Towards Cognitively Plausible Concept Learning: Spatially Grounding Concepts with Anatomical Priors
Abstract
Understanding the internal cognitive processes of deep learning models is a critical challenge. Concept Bottleneck Models (CBMs) offer a path towards interpretability by mapping predictions to human-understandable concepts. However, we argue they suffer from a fundamental cognitive flaw: a "spatial grounding failure." Due to global pooling, standard CBMs are unable to connect concepts to their corresponding locations in an image, leading to activations in biologically implausible regions. This disconnect undermines their claim to providing a faithful processing account of their decisions. To address this, we introduce GroundedCBM, a framework inspired by how biological systems leverage structural priors for recognition.
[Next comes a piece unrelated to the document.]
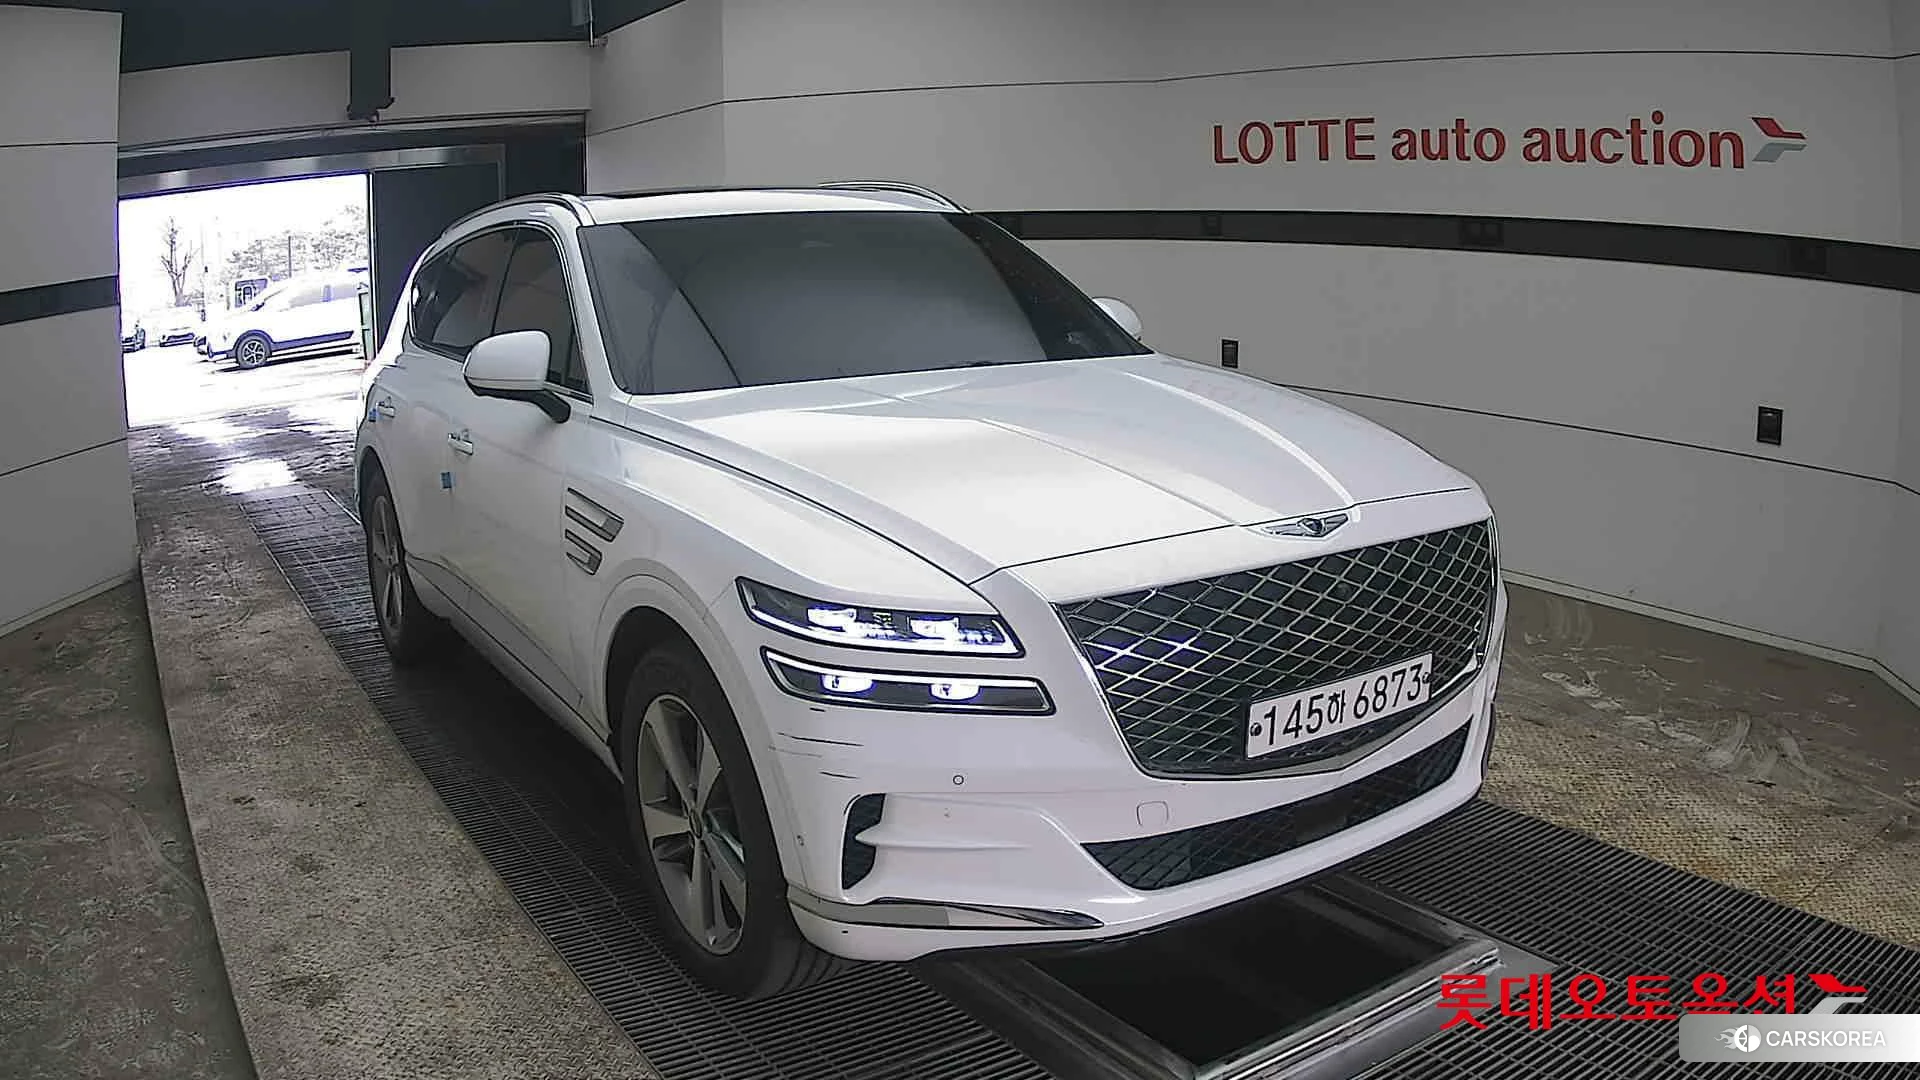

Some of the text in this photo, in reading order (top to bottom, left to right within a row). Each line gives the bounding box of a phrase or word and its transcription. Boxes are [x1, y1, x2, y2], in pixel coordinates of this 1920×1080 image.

Our model embeds anatomical domain knowledge into the learning process through two core innovations: (1) a spatially-aware attention module that forces concepts to be localized in plausible regions, akin to how an expert uses an anatomical schema, and (2) a dynamic graph network that models contextual relationships between concepts, mimicking associative reasoning. On CUB-200-2011, GroundedCBM not only improves concept accuracy but also closes over 60\% of the performance gap to an equivalent black-box model. Our work demonstrates that by enforcing cognitively plausible spatial constraints, we can build models that provide a more faithful processing account of their cognition without sacrificing performance.